- Record set:
--
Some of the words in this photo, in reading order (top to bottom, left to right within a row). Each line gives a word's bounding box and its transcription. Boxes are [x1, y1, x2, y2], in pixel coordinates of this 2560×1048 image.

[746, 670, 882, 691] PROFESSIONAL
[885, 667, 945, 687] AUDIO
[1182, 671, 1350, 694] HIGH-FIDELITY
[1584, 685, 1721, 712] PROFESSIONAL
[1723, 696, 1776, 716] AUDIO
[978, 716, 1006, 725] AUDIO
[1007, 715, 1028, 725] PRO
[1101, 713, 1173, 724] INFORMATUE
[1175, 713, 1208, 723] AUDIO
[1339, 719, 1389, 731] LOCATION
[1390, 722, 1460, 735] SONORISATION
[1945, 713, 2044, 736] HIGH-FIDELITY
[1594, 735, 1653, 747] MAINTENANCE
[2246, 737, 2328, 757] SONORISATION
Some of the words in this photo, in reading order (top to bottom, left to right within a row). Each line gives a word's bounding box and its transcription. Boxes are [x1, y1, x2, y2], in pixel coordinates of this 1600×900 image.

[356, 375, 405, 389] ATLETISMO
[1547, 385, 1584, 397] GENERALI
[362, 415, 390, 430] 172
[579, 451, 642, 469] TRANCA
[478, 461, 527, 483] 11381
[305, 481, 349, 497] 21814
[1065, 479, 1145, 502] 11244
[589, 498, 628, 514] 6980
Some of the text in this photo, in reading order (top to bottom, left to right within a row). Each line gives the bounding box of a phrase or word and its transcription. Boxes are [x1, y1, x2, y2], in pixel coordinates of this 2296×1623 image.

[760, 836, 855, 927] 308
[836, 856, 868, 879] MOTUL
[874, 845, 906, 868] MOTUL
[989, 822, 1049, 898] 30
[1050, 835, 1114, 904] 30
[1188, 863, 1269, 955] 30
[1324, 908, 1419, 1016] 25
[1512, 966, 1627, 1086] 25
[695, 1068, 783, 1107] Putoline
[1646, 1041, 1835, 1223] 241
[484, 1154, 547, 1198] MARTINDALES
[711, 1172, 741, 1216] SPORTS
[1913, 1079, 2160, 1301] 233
--
- What you are asked to do: Write down all of the records again, word for word.

- Written solution:
Some of the words in this photo, in reading order (top to bottom, left to right within a row). Each line gives a word's bounding box and its transcription. Boxes are [x1, y1, x2, y2], in pixel coordinates of this 2560×1048 image.

[746, 670, 882, 691] PROFESSIONAL
[885, 667, 945, 687] AUDIO
[1182, 671, 1350, 694] HIGH-FIDELITY
[1584, 685, 1721, 712] PROFESSIONAL
[1723, 696, 1776, 716] AUDIO
[978, 716, 1006, 725] AUDIO
[1007, 715, 1028, 725] PRO
[1101, 713, 1173, 724] INFORMATUE
[1175, 713, 1208, 723] AUDIO
[1339, 719, 1389, 731] LOCATION
[1390, 722, 1460, 735] SONORISATION
[1945, 713, 2044, 736] HIGH-FIDELITY
[1594, 735, 1653, 747] MAINTENANCE
[2246, 737, 2328, 757] SONORISATION
Some of the words in this photo, in reading order (top to bottom, left to right within a row). Each line gives a word's bounding box and its transcription. Boxes are [x1, y1, x2, y2], in pixel coordinates of this 1600×900 image.

[356, 375, 405, 389] ATLETISMO
[1547, 385, 1584, 397] GENERALI
[362, 415, 390, 430] 172
[579, 451, 642, 469] TRANCA
[478, 461, 527, 483] 11381
[305, 481, 349, 497] 21814
[1065, 479, 1145, 502] 11244
[589, 498, 628, 514] 6980
Some of the text in this photo, in reading order (top to bottom, left to right within a row). Each line gives the bounding box of a phrase or word and its transcription. Boxes are [x1, y1, x2, y2], in pixel coordinates of this 2296×1623 image.

[760, 836, 855, 927] 308
[836, 856, 868, 879] MOTUL
[874, 845, 906, 868] MOTUL
[989, 822, 1049, 898] 30
[1050, 835, 1114, 904] 30
[1188, 863, 1269, 955] 30
[1324, 908, 1419, 1016] 25
[1512, 966, 1627, 1086] 25
[695, 1068, 783, 1107] Putoline
[1646, 1041, 1835, 1223] 241
[484, 1154, 547, 1198] MARTINDALES
[711, 1172, 741, 1216] SPORTS
[1913, 1079, 2160, 1301] 233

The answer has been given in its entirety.